Here's an idea how you could deal with the server errors, and also a starting point for parsing and plotting your data.

import csv
import requests
import time
import dateutil
import matplotlib.pyplot as plt

url = 'http://data.sparkfun.com/output/YGa69ObX6WFj9mYa4EmW.csv?page=1'

r = requests.get(url)
retry_count = 0
while r.status_code != 200 and retry_count < 10:
	print('status code %i, retrying...' % r.status_code)
	retry_count += 1
	time.sleep(2)
	r = requests.get(url)

if r.status_code == 200:
	dates = []
	tips = []
	lines = r.text.splitlines()[1:] # Strip header line
	for row in csv.reader(lines):
		dates.append(dateutil.parser.parse(row[2]))
		tips.append(int(row[1]))

	plt.plot_date(dates, tips, fmt='-')
	plt.show()
else:
	print('Failed to load data')

ccc

@DaveGadgeteer Perhaps the best approach would be to separate the data download from the data parsing as done in https://forum.omz-software.com/topic/4011/have-csv-file-s-url/6. That way, you do not have to hit the URL resource/server so often.

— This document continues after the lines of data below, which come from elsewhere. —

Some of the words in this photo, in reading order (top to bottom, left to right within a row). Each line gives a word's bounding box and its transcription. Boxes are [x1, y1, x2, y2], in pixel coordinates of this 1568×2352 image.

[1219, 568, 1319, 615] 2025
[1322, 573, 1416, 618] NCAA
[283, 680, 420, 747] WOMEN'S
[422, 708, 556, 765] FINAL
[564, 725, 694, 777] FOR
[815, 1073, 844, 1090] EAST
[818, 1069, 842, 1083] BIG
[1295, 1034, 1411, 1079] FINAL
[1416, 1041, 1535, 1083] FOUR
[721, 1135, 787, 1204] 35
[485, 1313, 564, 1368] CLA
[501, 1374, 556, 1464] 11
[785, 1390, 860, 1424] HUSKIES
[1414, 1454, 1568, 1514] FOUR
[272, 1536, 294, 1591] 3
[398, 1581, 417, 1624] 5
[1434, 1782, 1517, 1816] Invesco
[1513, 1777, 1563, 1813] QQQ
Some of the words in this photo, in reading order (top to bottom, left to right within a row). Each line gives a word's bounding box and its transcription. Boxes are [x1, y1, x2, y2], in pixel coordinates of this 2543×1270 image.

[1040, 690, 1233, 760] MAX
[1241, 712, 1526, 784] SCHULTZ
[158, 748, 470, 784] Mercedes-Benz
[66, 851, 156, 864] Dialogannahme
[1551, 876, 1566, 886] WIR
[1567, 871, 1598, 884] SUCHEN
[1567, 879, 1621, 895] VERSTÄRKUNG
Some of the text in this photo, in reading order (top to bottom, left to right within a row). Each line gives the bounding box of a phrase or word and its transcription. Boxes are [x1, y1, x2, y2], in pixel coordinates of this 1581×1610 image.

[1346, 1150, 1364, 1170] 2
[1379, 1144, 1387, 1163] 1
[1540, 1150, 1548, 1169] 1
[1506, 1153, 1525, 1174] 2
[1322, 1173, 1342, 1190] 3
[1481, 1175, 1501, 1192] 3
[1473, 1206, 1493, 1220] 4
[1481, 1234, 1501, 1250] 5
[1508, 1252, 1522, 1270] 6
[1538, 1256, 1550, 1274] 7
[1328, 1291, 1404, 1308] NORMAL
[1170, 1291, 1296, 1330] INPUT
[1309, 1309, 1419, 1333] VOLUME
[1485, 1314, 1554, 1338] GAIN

You can then read the local file and convert it into a list of wearher_readings ...

import collections, csv

filename = 'YGa69ObX6WFj9mYa4EmW.csv'

with open(filename, 'r') as in_file:
    data = []  # a list of weather_readings
    weather_reading = None
    for row in csv.reader(in_file):
        if weather_reading:
            data.append(weather_reading(*row))
        else:  # create a custom datatype from the header record
            weather_reading = collections.namedtuple('weather_reading', row)

print('\n'.join(str(x) for x in data))
# weather_reading(time='1952', tips='773', timestamp='2017-04-30T20:42:59.017Z')

JonB

another possibility is numpy.genfromtext and numpy.recfromcsv, both of which either guess field types and autoconvert, or else let you specify col types. If you are doing any sort of analysis on the data, you want it in a format that numpy can use,

ccc

import numpy
filename = 'YGa69ObX6WFj9mYa4EmW.csv'
a = numpy.recfromcsv(filename)
print(a[0])
print(a.dtype)

Works nicely but the third field is bytes instead of datetime64[ms].